AbstractsMedical & Health Science

Increased rates of failure and high costs are serious challenges in cancer drug discovery. These challenges are attributed to the inability in selection of drugs with acceptable toxicity and efficacy profiles in early drug developmental stages and to the cytotoxic side effects and development of resistance of current chemotherapeutic agents. There is a need to select and identify anticancer drug candidates with novel biological targets and strong pharmacological activities against cancer in preclinical stages through reliable in vitro methods prior to in vivo screening. Therefore this study focuses on the evaluation of anticancer agents that target tubulin and Hsp27 in various cancer disease models and the identification of most potent candidates.

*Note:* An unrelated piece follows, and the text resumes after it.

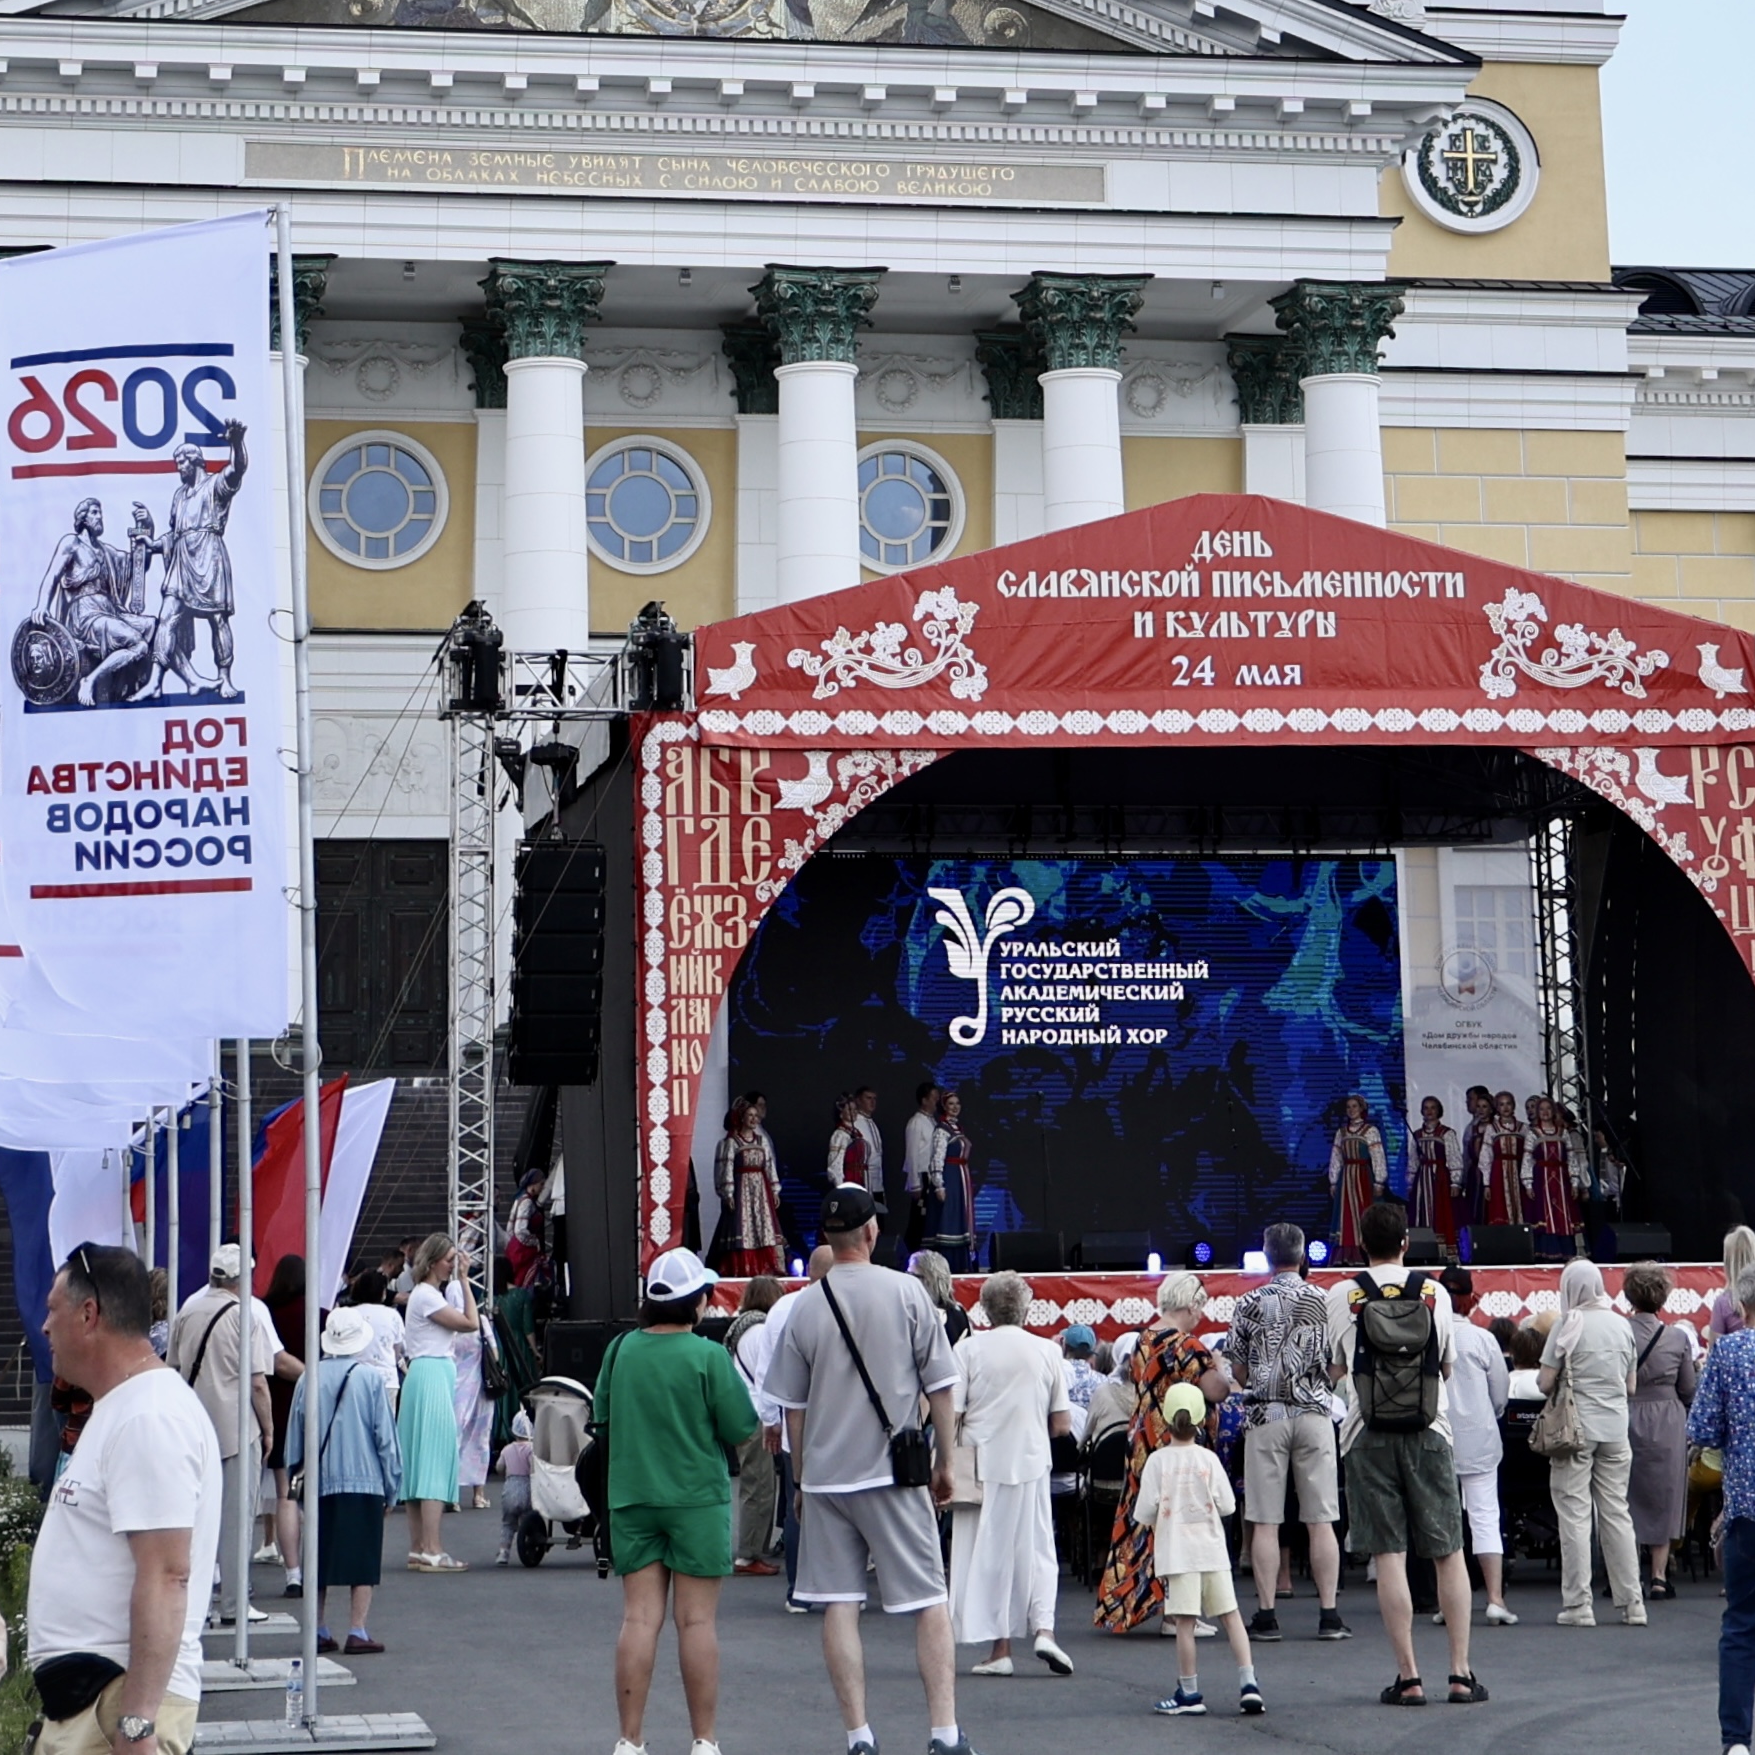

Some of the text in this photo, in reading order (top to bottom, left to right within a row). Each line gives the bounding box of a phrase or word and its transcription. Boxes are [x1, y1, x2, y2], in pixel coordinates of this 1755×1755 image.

Non-steroidal anti-inflammatory drugs (NSAIDs) have been extensively studied for their anti-tumorigenic activity. Nimesulide [N-(4-nitro-2-phenoxyphenyl) methane sulfonamide], a NSAID and a COX-2 inhibitor was used as a lead compound to generate more potent analogs. Compared to Nimesulide, the new analogs showed better activities in cell proliferation studies. Through proteomic approaches a second-generation active compound CSUOH0901 was found to target tubulin and Hsp27. Tubulin and Hsp27 are critical for cancer cell growth and proliferation and serve as novel targets for anticancer drug discovery. Nimesulide third generation compound libraries were screened in various breast cancer cell lines and the most potent analogs were identified. Eight representative compounds from Nimesulide first, second and third generation compound libraries were selected and evaluated for their Hsp27 chaperone and tubulin polymerization inhibitory activities. Further to better predict the in vivo efficacy of the anticancer candidates, an easy-handling and cost-effective 3D spheroid model suitable for small molecule anticancer compounds screening was developed using NSCLC H292 cells. The representative compounds identified as tubulin and Hsp27 binders were screened in 2D, 3D and in vivo models and the most potent candidates were identified. The results revealed structural moieties important for Hsp27 and tubulin inhibition and further defined the structure activity relationship between tubulin and Hsp27 effects of the compounds. Overall, this approach of preclinical screening highlighted an accurate strategy to eliminate poor candidates and identify the most promising analogs at early stages of anticancer drug development.